Feel free to use this notebook for your research. I'm very appreciate if you give credit and upvotes to this notebook :). Suggestion on this notebook is very expected, Thanks!

-----------------------------------------------------------------------------------------------------------------------------
# Notebook Goals
This notebook will carry out sentiment analysis with unsupervised learning approach even though a supervised learning approach can be done because there are target labels in the data. Because the results of scraping a web data are raw data where data do not have a target label and sentiment analysis cannot be carried out with a supervised learning approach.
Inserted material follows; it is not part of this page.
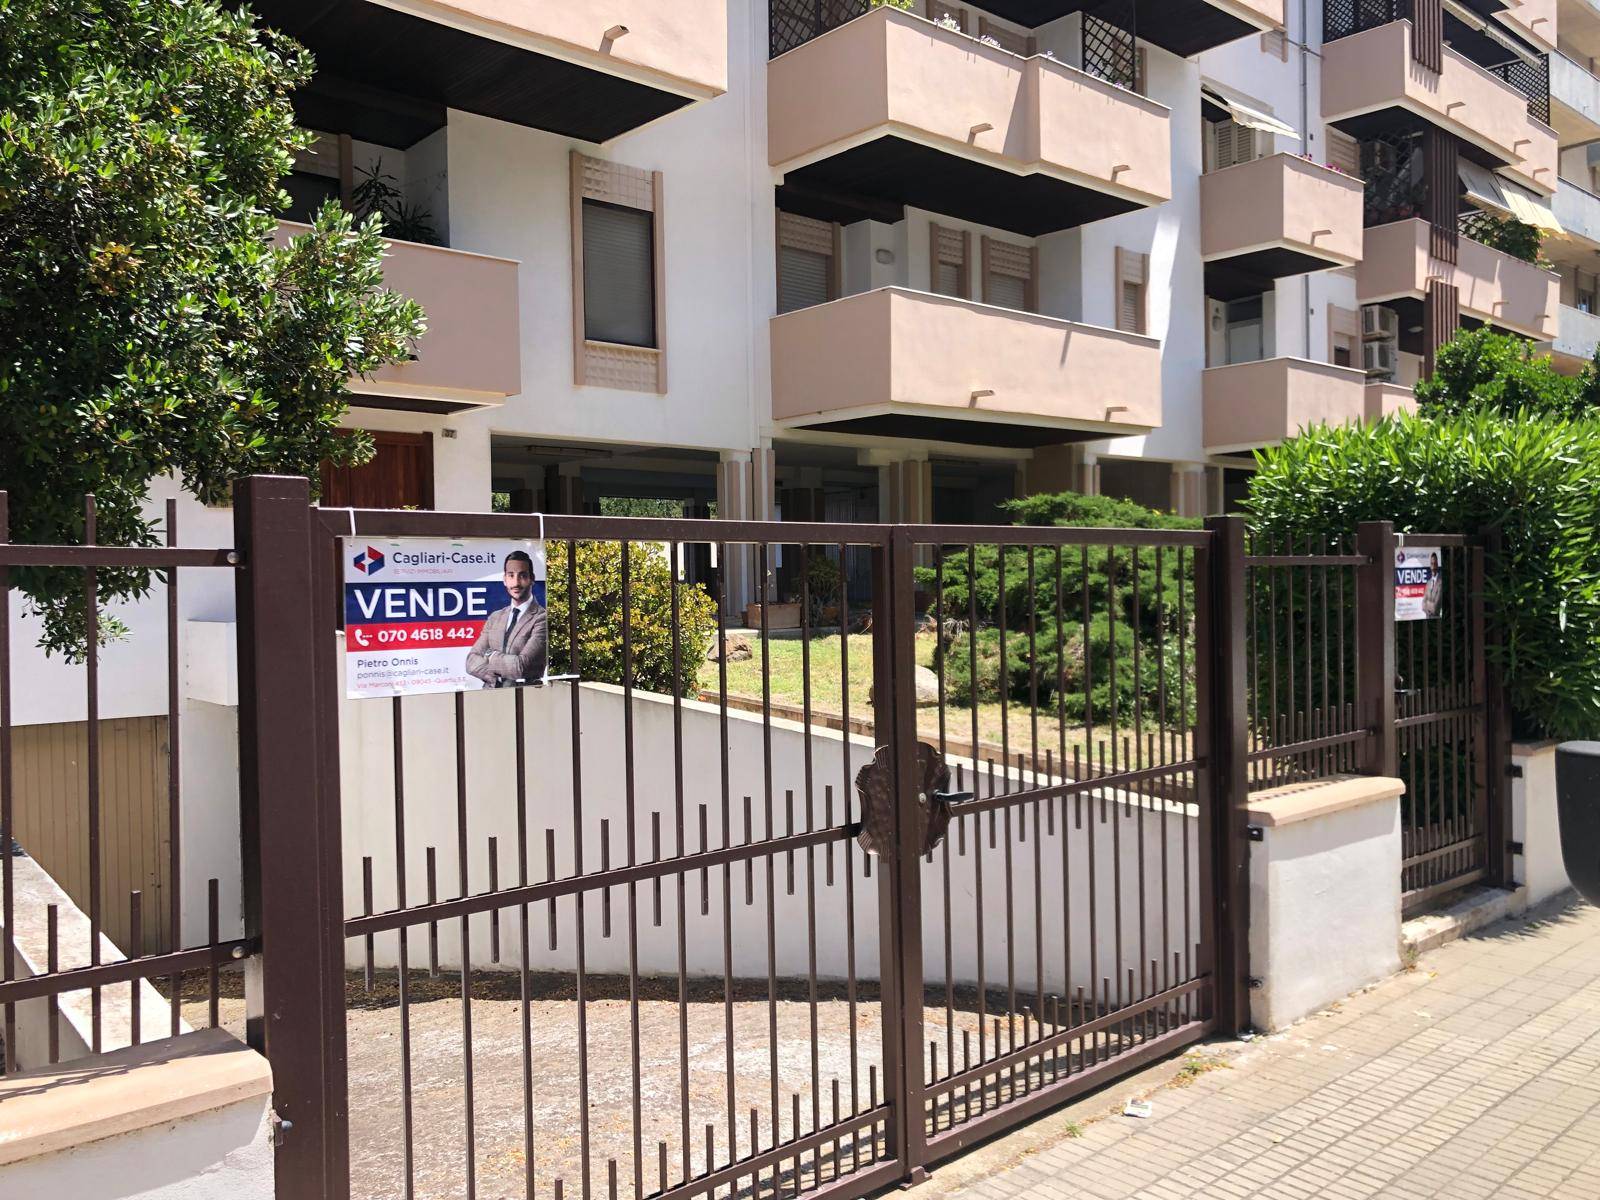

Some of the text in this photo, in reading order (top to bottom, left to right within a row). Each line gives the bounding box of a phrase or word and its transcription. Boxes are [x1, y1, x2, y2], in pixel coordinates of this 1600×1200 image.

Word2Vec will be used as a word representation and K-Means will be used to cluster data.

# Notebook Workflows
* [1. Import Library](#ImportLibrary)
* [2. Load Data](#LoadData)
* [3. Data Preprocessing](#DataPreprocessing)
* [4. Word2Vec Model Training](#Word2VecTraining)
* [5. Clustering with K-Means](#KMeansTraining)
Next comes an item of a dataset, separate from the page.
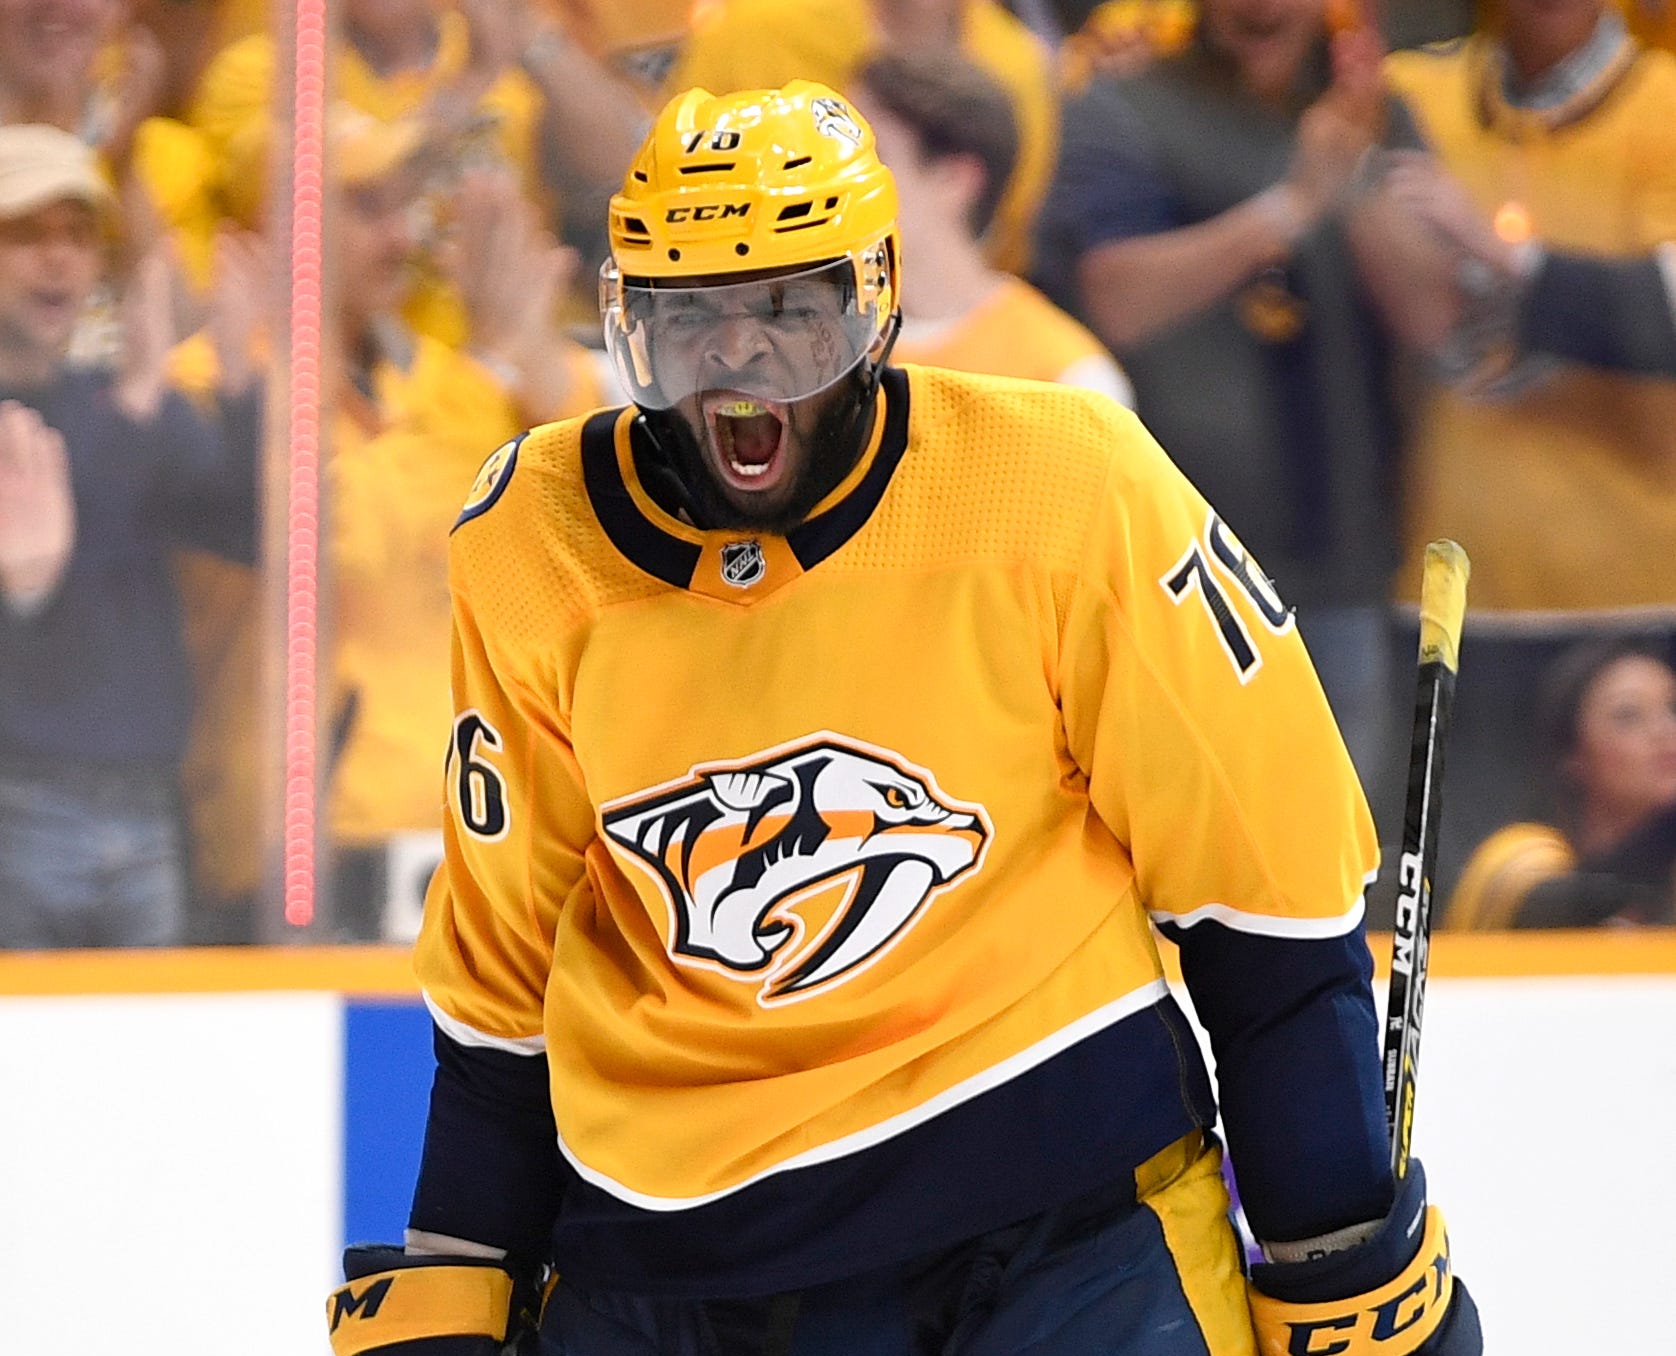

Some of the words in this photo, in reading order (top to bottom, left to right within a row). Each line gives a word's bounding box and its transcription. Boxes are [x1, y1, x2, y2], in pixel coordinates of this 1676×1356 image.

[665, 202, 752, 224] CCM
[443, 707, 511, 844] 6
[1392, 851, 1423, 977] CCM
# 1. Import Library <a name="ImportLibrary"></a>

In [1]:
import numpy as np
import random
import pandas as pd
import re
from gensim.models import Word2Vec
from sklearn.cluster import KMeans
import warnings
warnings.simplefilter('ignore')
np.random.seed(0)
random.seed(0)
pd.set_option('max_colwidth', 200)



# 2. Load Data <a name="LoadData"></a>

In [2]:
data = pd.read_csv('../input/amazon_alexa.tsv', sep='\t', header=0, usecols=['verified_reviews', 'feedback'])
target = data.feedback
data = data.drop('feedback', axis=1)
data.head()

Unnamed: 0,verified_reviews
0,Love my Echo!
1,Loved it!
2,"Sometimes while playing a game, you can answer a question correctly but Alexa says you got it wrong and answers the same as you. I like being able to turn lights on and off while away from home."
3,"I have had a lot of fun with this thing. My 4 yr old learns about dinosaurs, i control the lights and play games like categories. Has nice sound when playing music as well."
4,Music


# 3. Data Preprocessing <a name="DataPreprocessing"></a>

In [3]:
def clean_data(text):
    # lower text
    text = text.lower()
    # remove excessive space
    text = re.sub(r'\s+', ' ', text)
    text = text.strip()
    return text

In [4]:
data['verified_reviews'] = [clean_data(i) for i in data.verified_reviews]
data.head()

Unnamed: 0,verified_reviews
0,love my echo!
1,loved it!
2,"sometimes while playing a game, you can answer a question correctly but alexa says you got it wrong and answers the same as you. i like being able to turn lights on and off while away from home."
3,"i have had a lot of fun with this thing. my 4 yr old learns about dinosaurs, i control the lights and play games like categories. has nice sound when playing music as well."
4,music


In [5]:
# delete data that contain empty string
index = data[data.verified_reviews == ''].index
data = data.drop(index)
target = target.drop(index)

# 4. Word2Vec Model Training <a name="Word2VecTraining"></a>

In [6]:
token_review = [i.split() for i in data.verified_reviews]
word2vec = Word2Vec(token_review, size=100, min_count=1, seed=0)
vocab = list(word2vec.wv.vocab.keys())
print('Size of vocab: ',len(vocab))

Size of vocab:  6807


In [7]:
word2vec.wv.most_similar('echo')

[('one', 0.9998496770858765),
 ('bought', 0.9998383522033691),
 ('spot', 0.9998190999031067),
 ('new', 0.9998188018798828),
 ('my', 0.999810516834259),
 ('dot.', 0.999808669090271),
 ('the', 0.9998076558113098),
 ('first', 0.9998066425323486),
 ('plus', 0.9998033046722412),
 ('this', 0.999802827835083)]

In [8]:
word2vec.wv.most_similar('amazon')

[('or', 0.999948263168335),
 ('on', 0.9999452233314514),
 ('even', 0.9999272227287292),
 ('any', 0.9999250769615173),
 ('of', 0.9999232292175293),
 ('while', 0.9999215006828308),
 ('they', 0.9999185800552368),
 ('from', 0.999915361404419),
 ('another', 0.9999144077301025),
 ('your', 0.9999122619628906)]

In [9]:
word2vec.wv.most_similar('love')

[('like', 0.9996095895767212),
 ('now', 0.9995641112327576),
 ('it.', 0.9995486736297607),
 ('really', 0.9995301961898804),
 ('got', 0.9995297789573669),
 ('we', 0.9995282292366028),
 ('i', 0.9995241761207581),
 ('have', 0.9995133876800537),
 ('am', 0.9995023012161255),
 ('in', 0.9995008707046509)]

# 5. Clustering with K-Means <a name="KMeansTraining"></a>
The result of Word2Vec is a vector representation of each word not a sentence. One way to use the results from Word2Vec on K-Means is to take the average words in the sentence. But on this notebook, I use words that have been represented by word2vec to be trained on K-Means.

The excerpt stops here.